▸ WHAT IS BEING ASKED: Wherever a picture appears in the data below, omit it, and restate everything else word for word.

▸ LISTED RECORDS:
Segment Open

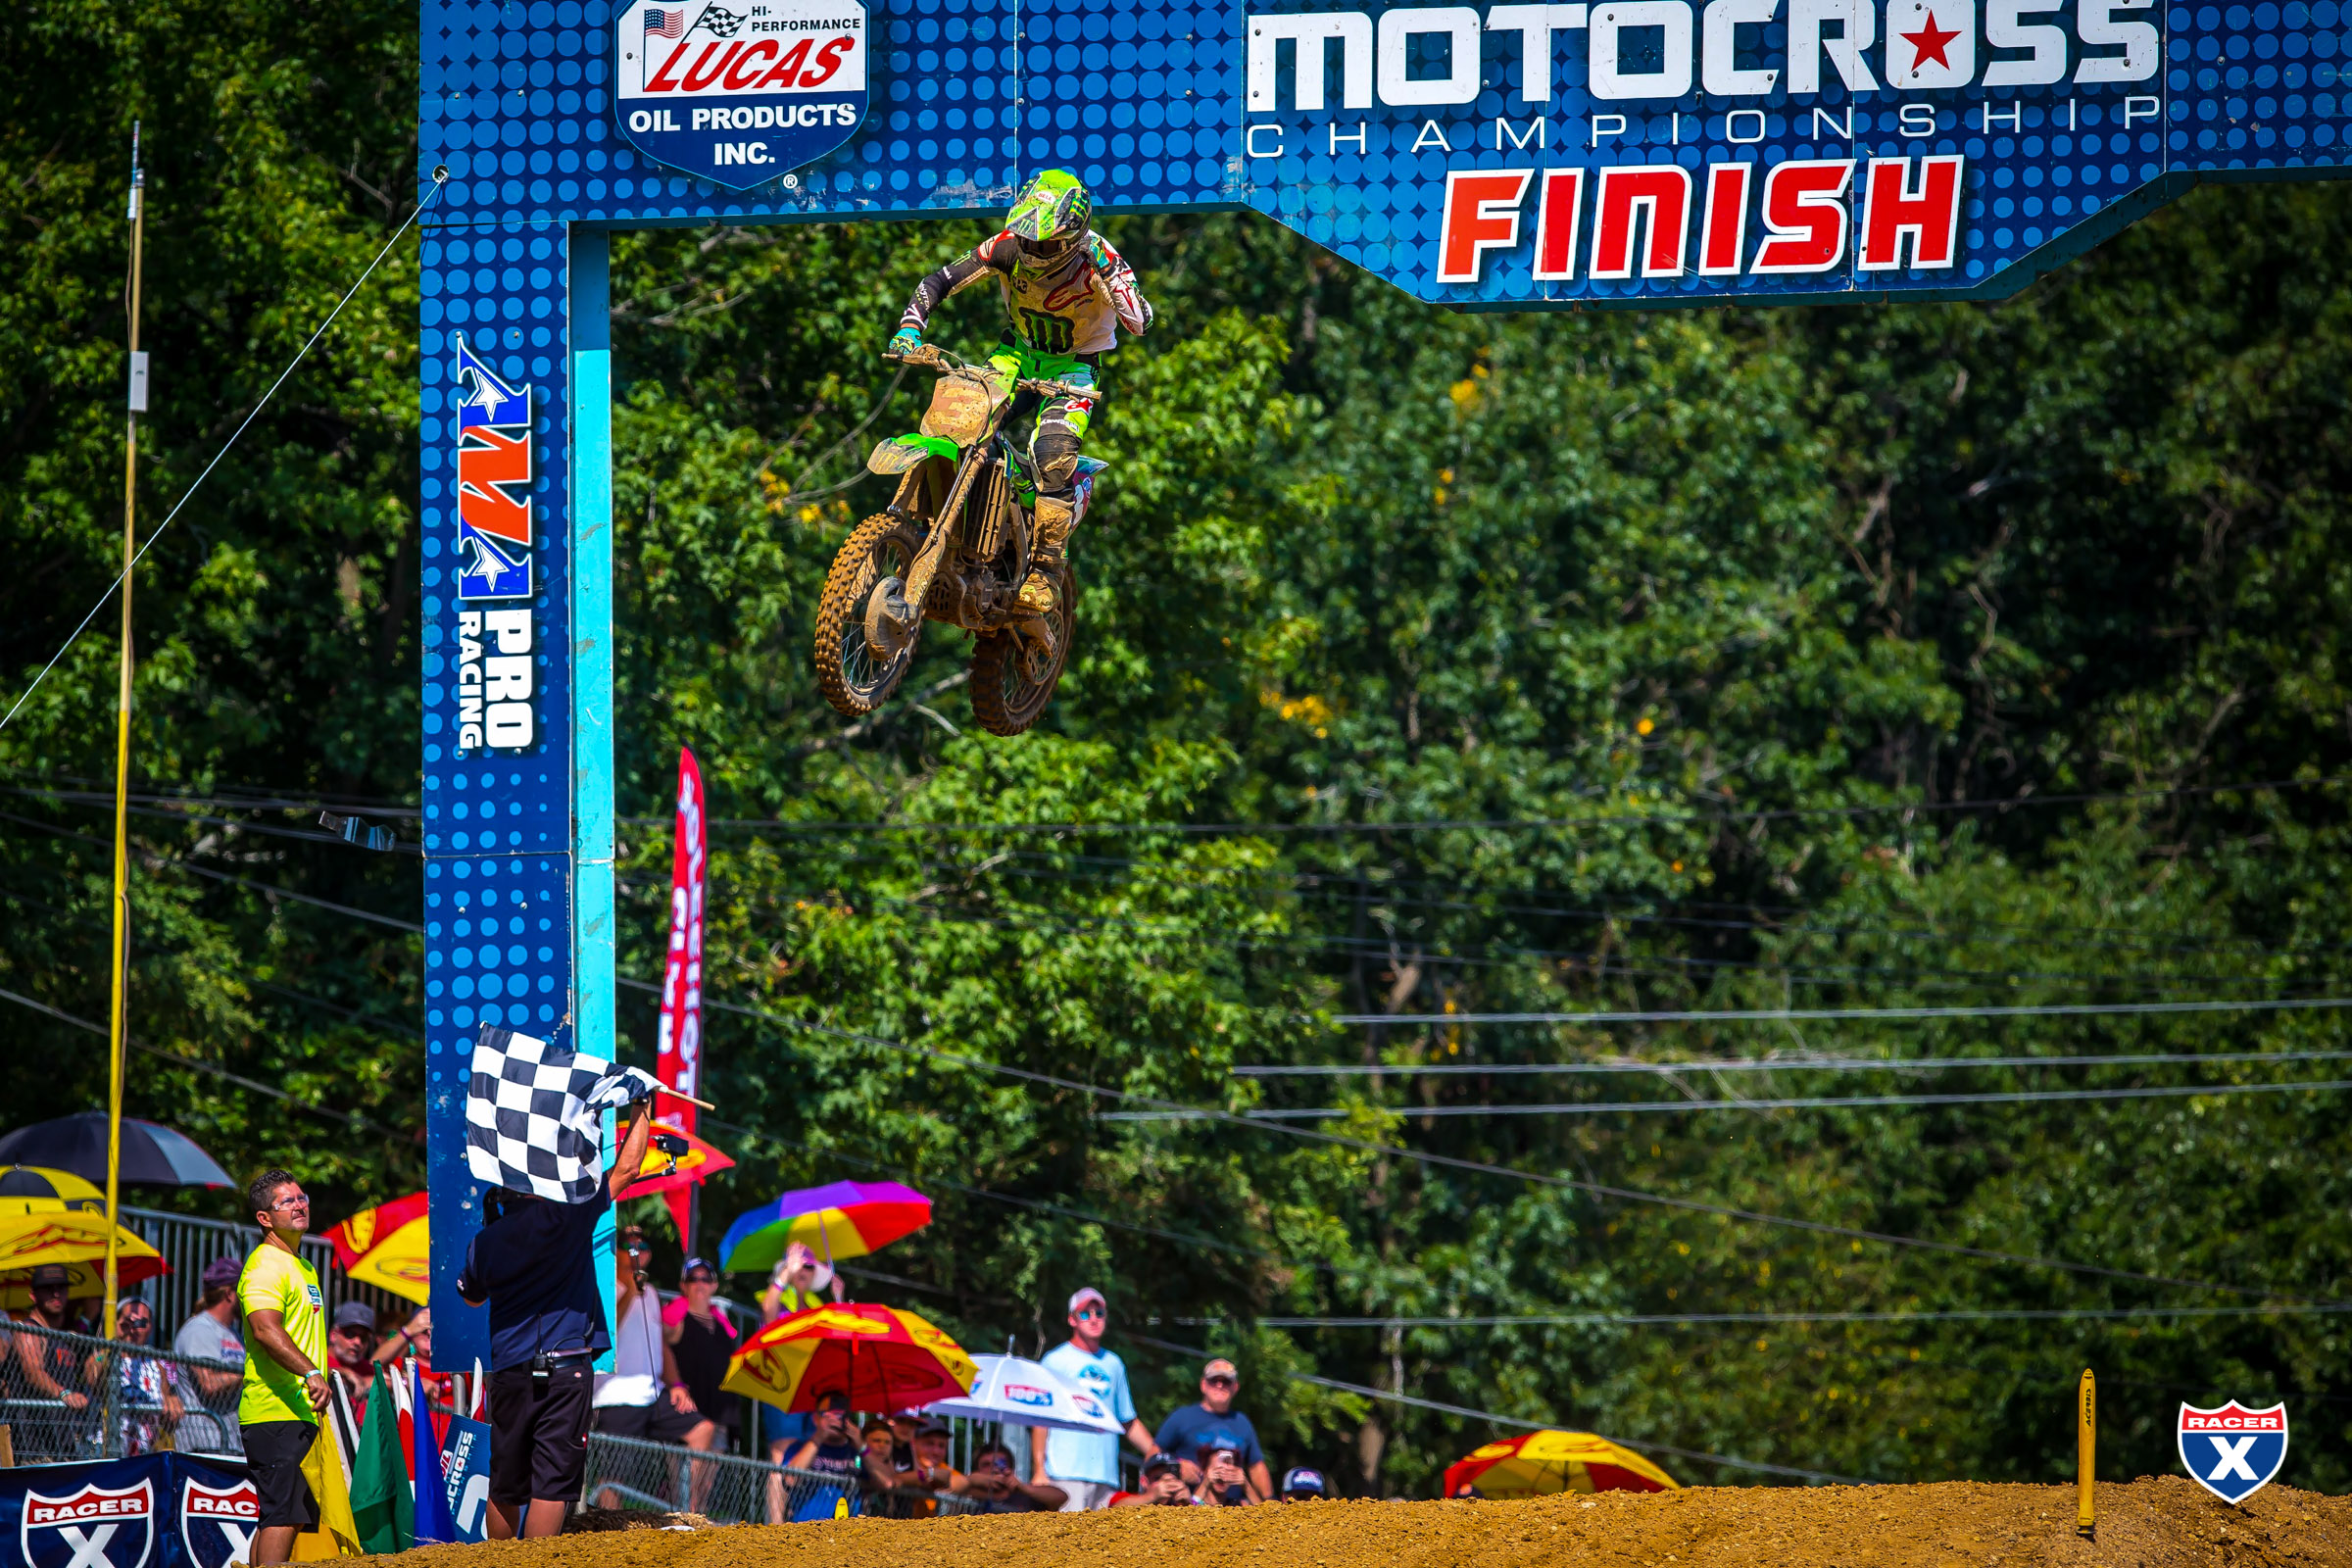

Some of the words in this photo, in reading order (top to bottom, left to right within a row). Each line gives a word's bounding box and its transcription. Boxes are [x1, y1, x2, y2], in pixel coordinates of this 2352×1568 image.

[751, 5, 772, 17] HI-
[751, 18, 861, 32] PERFORMANCE
[643, 36, 856, 92] LUCAS
[1246, 0, 2159, 113] MOTOCROSS
[628, 110, 681, 132] OIL
[692, 103, 857, 130] PRODUCTS
[1246, 95, 2160, 159] CHAMPIONSHIP
[713, 143, 775, 165] INC.
[1436, 154, 1964, 283] FINISH
[458, 332, 531, 600] AMA
[459, 611, 483, 749] RACING
[485, 609, 533, 749] PRO
[33, 1497, 143, 1522] RACER
[193, 1496, 259, 1516] RAC
[57, 1524, 120, 1568] X
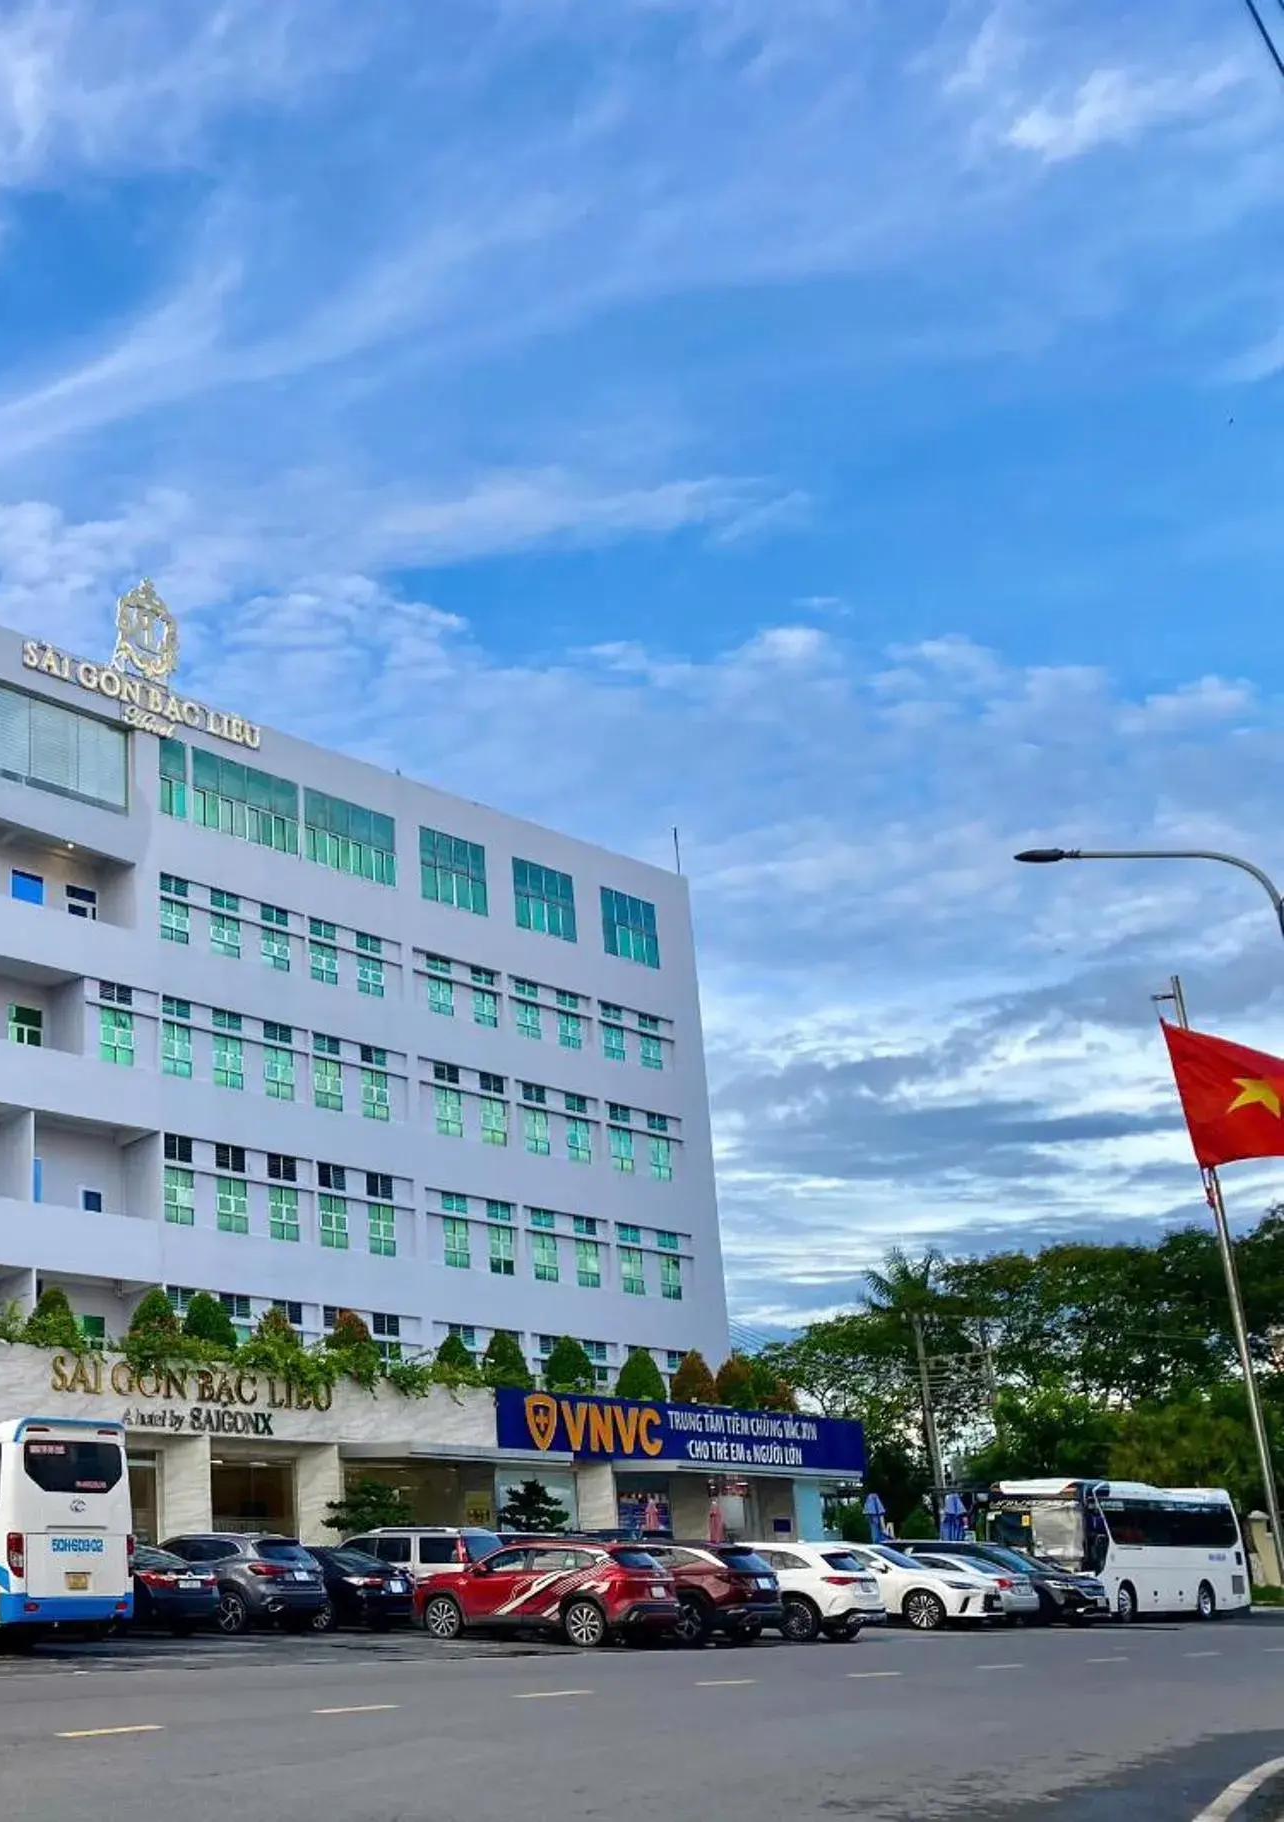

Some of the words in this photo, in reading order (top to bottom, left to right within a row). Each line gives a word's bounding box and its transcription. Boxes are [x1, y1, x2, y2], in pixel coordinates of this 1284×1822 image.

[169, 1409, 185, 1431] by
[189, 1407, 273, 1435] SAIGONX
[561, 1401, 663, 1456] VNVC
[668, 1411, 703, 1432] TRUNG
[704, 1409, 725, 1433] TÂM
[689, 1439, 710, 1459] CHO
[731, 1442, 745, 1462] EM
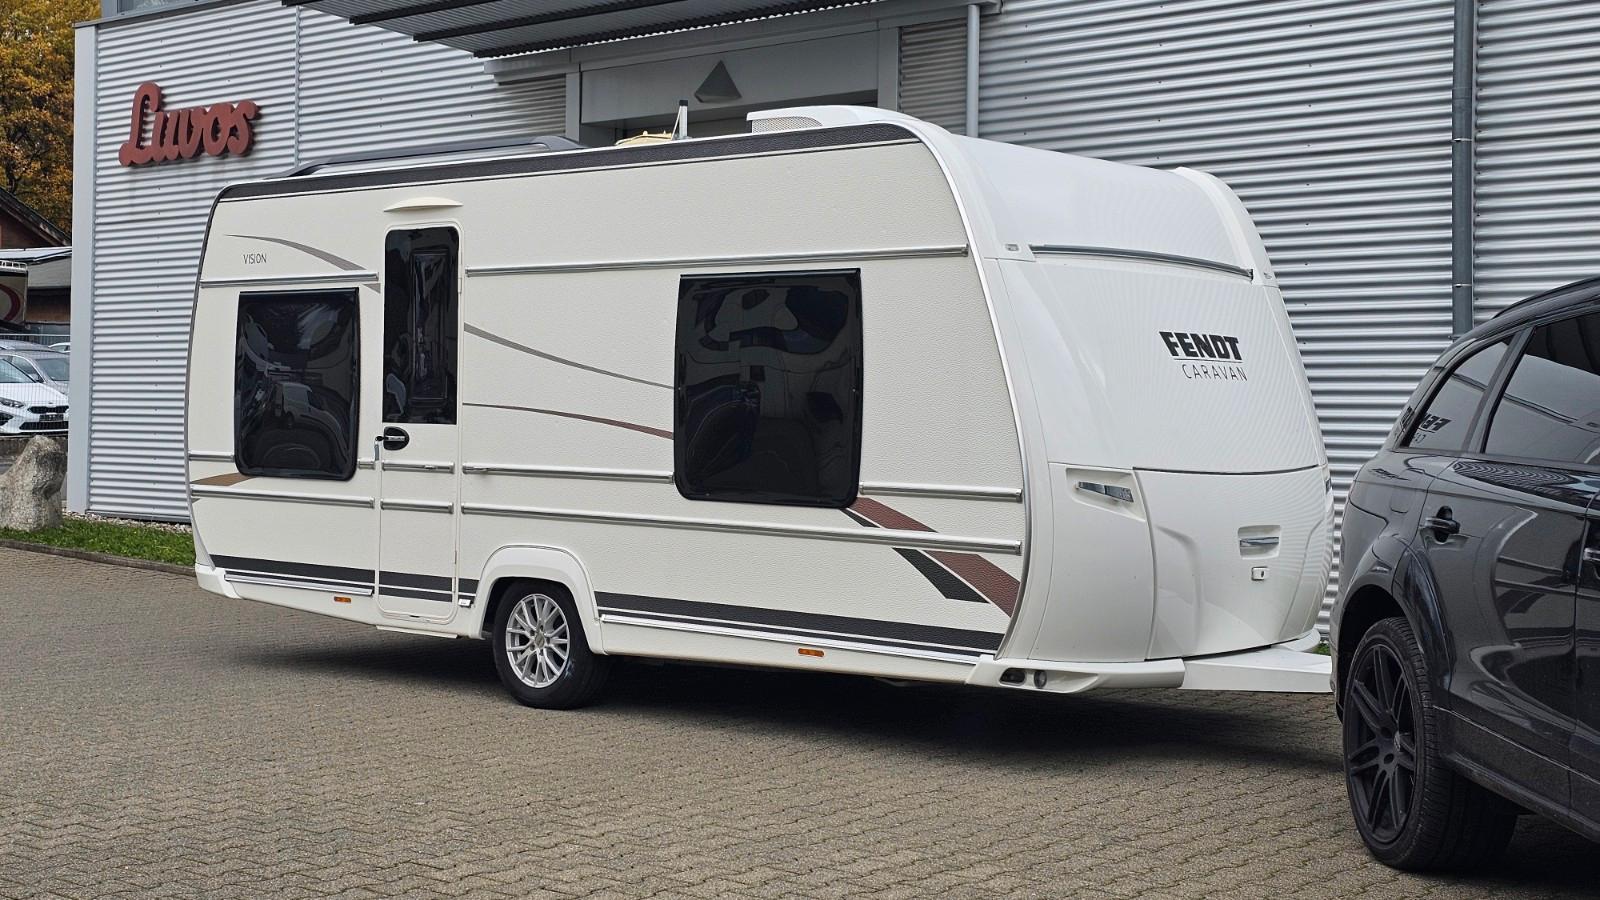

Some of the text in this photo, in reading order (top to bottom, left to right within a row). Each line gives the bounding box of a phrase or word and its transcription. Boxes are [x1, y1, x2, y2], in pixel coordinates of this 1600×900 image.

Segment Closed

▸ RESULT:
Some of the words in this photo, in reading order (top to bottom, left to right within a row). Each line gives a word's bounding box and its transcription. Boxes are [x1, y1, x2, y2], in pixel coordinates of this 2352×1568 image.

[751, 5, 772, 17] HI-
[751, 18, 861, 32] PERFORMANCE
[643, 36, 856, 92] LUCAS
[1246, 0, 2159, 113] MOTOCROSS
[628, 110, 681, 132] OIL
[692, 103, 857, 130] PRODUCTS
[1246, 95, 2160, 159] CHAMPIONSHIP
[713, 143, 775, 165] INC.
[1436, 154, 1964, 283] FINISH
[458, 332, 531, 600] AMA
[459, 611, 483, 749] RACING
[485, 609, 533, 749] PRO
[33, 1497, 143, 1522] RACER
[193, 1496, 259, 1516] RAC
[57, 1524, 120, 1568] X

Some of the words in this photo, in reading order (top to bottom, left to right within a row). Each line gives a word's bounding box and its transcription. Boxes are [x1, y1, x2, y2], in pixel coordinates of this 1284×1822 image.

[169, 1409, 185, 1431] by
[189, 1407, 273, 1435] SAIGONX
[561, 1401, 663, 1456] VNVC
[668, 1411, 703, 1432] TRUNG
[704, 1409, 725, 1433] TÂM
[689, 1439, 710, 1459] CHO
[731, 1442, 745, 1462] EM

Some of the text in this photo, in reading order (top to bottom, left to right within a row). Each line gives the bounding box of a phrase or word and its transcription. Boxes are [x1, y1, x2, y2], in pixel coordinates of this 1600×900 image.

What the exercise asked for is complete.